PE Is Pouncing as Companies Spin Off Businesses to Raise Cash

Private equity firms have become more careful about the due diligence process amid rising borrowing costs.

Illustration by II

Illustration by II

In an effort to raise much-needed cash, more private companies are spinning off non-core businesses. And private equity firms are eagerly buying.

Forty-nine percent of corporate M&A professionals at private companies say they are likely to spin off a non-core division in 2023, according to a recent study by Deloitte. Forty percent of M&A staffers at these companies say they are likely to sell one to two businesses this year, while 7.5 percent say they are likely to pursue three to four divestitures.


The study is based on a poll of more than 520 M&A professionals, including employees on companies’ corporate development teams and staffers involved in pre-deal financial due diligence and post-merger integration. Most of the respondents are based in the United States.

“During the boom time, a lot of people’s focus was more on growth through acquisition,” David Oberst, partner in mergers and acquisitions at Deloitte, told Institutional Investor. “But in periods where there’s less acquisition activity on the M&A side, a lot of companies use that time to look internally and assess their own portfolio to determine if divestitures of non-core assets make sense…I think that is the trend that we are seeing in today’s market.”

Jinny Choi, private equity analyst at PitchBook, said there was a jump in divestitures around 2009, when distressed companies sold their assets for much-needed cash.
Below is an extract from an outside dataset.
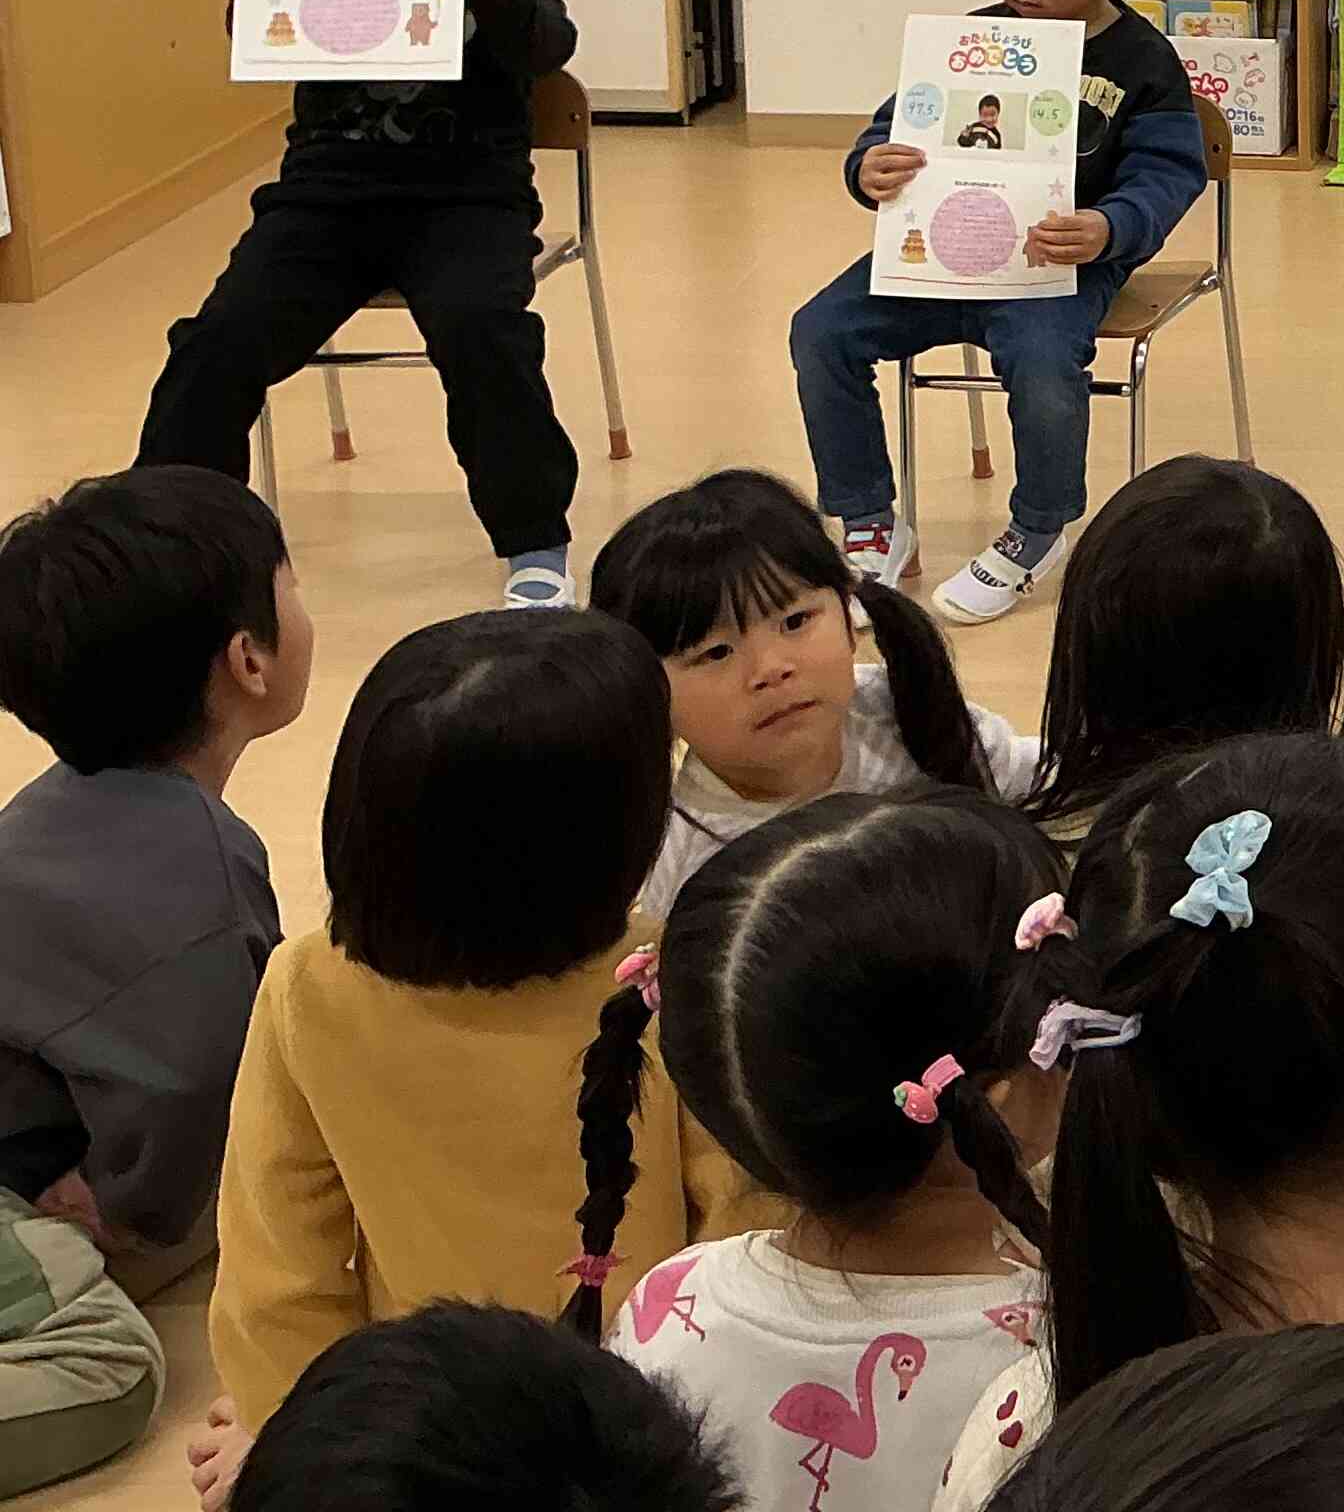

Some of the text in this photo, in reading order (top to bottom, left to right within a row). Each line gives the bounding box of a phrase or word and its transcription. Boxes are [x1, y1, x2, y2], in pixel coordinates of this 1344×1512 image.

A similar trend has picked up since late 2022. The buyers are mostly private equity firms looking to expand their platform companies through carve-out deals or organizations seeking to acquire peers in similar industries, she said. Carve-outs represented 7.6 percent of the total value of private equity deals in the fourth quarter, up from 5.1 percent in the third quarter, said Choi.

“Private equity firms are picking up these smaller, spun-out corporate-owned assets to inject additional operational efficiency or scale onto their platform companies,” Choi said. “The vast majority of carve-out deals that we saw in the private equity space were add-on deals.”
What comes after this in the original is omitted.